With several clicks I finally get to the Vaccination side of the city of Hanover. At the time of the research, a total of seven vaccination opportunities are noted there, but only three of them are permanently occupied – in a city with more than half a million inhabitants. There is also a friendly hint to please dress warmly because of the long lines, if necessary bring an umbrella and something to eat. “For organizational reasons, there is no on-site catering,” it says there.

I can understand. Where would we be if people were with one State-funded bratwurst lured to vaccination would? I would be happy if these “organizational reasons” at least didn’t prevent uncomplicated vaccination. That’s exactly how I imagined a low-threshold offer. Thanks for nothing.

After all, there is a link to one too Databasewho spit out 130 vaccinating practices for Hanover after a few more clicks. For a sample, I circle the search for five practices in the vicinity. Two of them cannot be reached by phone for two days. On a third, the answering machine directs me to the practice’s website, where I can supposedly book vaccination appointments. No way – the offer does not apply to new patients.

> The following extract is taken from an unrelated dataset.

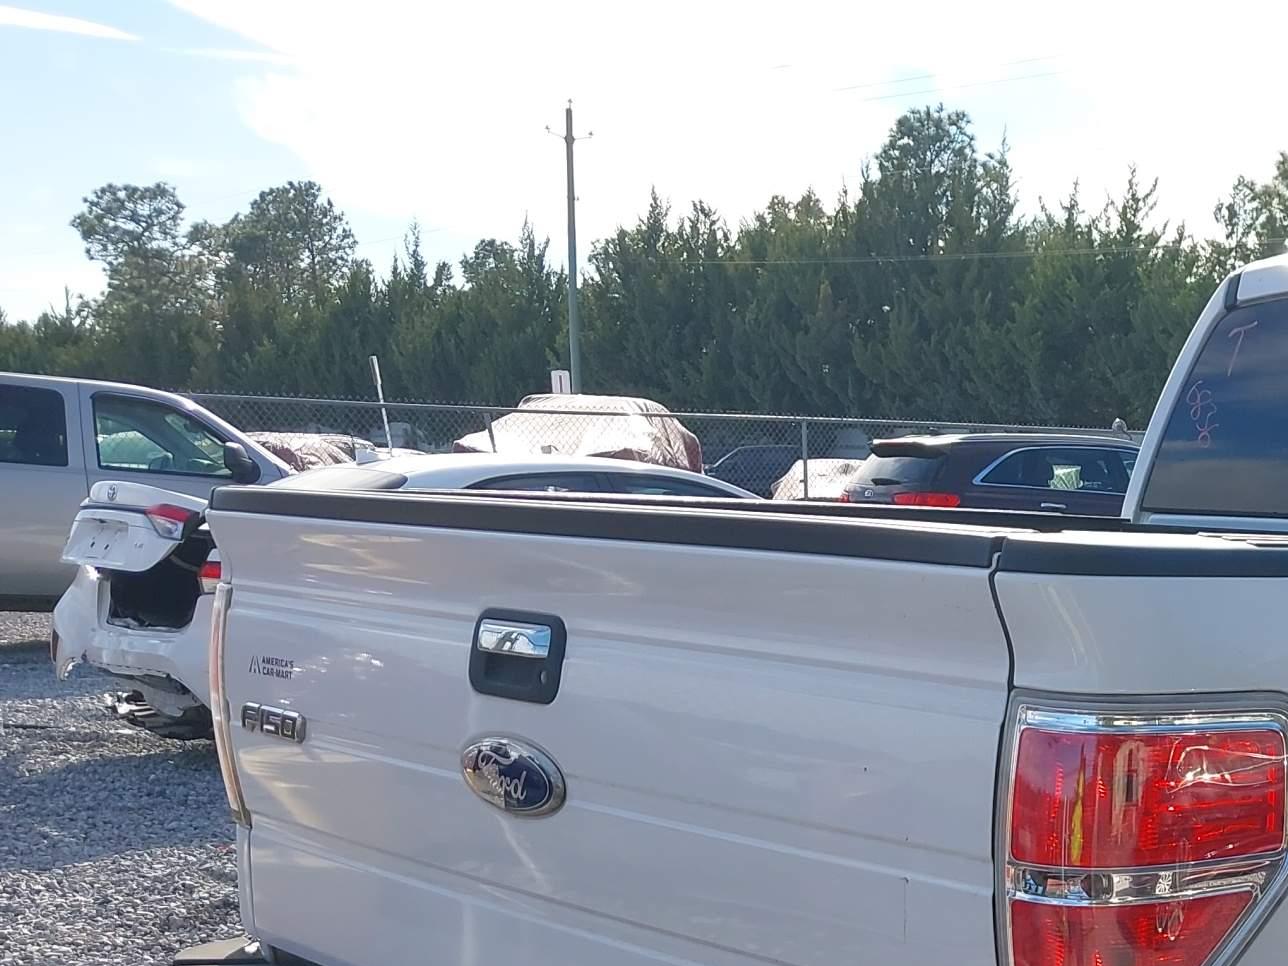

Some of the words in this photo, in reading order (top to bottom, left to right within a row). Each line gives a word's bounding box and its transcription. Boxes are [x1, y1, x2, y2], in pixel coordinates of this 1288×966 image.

I don’t want to take a dose of vaccine away from someone who needs it more urgently than I do. Still, I’d think it would be nice not to have to wait the full six months for the booster – the Protective effect finally subsides before that. Or at least to be able to fix an appointment for a later date. But even that is not easy. At the fourth practice, I finally get an office hour assistant. She recommends that I get in touch again at the end of December – when my six-month deadline has been reached. Great. Then I’ll probably get an appointment sometime in May. It wasn’t until the fifth practice that I finally managed to make an appointment – for mid-January.

Oh look, it works. But it also cost time and nerves. I do not blame the practices for this. After all, they are also being held back from their work by the fact that thousands of people are now calling dozen of medical practices.

To avoid misunderstandings: I find a certain amount of effort to protect my own health – and that of my fellow human beings – quite reasonable. And I by no means expect the syringe to be handed to me on a silver platter, preferably accompanied by a fresh sausage. But that doesn’t change the fact that simplicity and convenience are key factors in getting people to vaccinate. And it is precisely in this situation, in which this is more important than ever, that the subtext echoes to me on all official pages: “Go away! Leave us alone! See for yourself how you get on!”

Sure, such a pandemic is new territory, and there is a certain learning curve to overcome. Unfortunately, the learning curve in this case seems to me to be negative: Politicians have put a lot of effort into setting up vaccination centers that function well in order to restart them at exactly the worst possible point in time – without a plan for an alternative. We should dress really warm.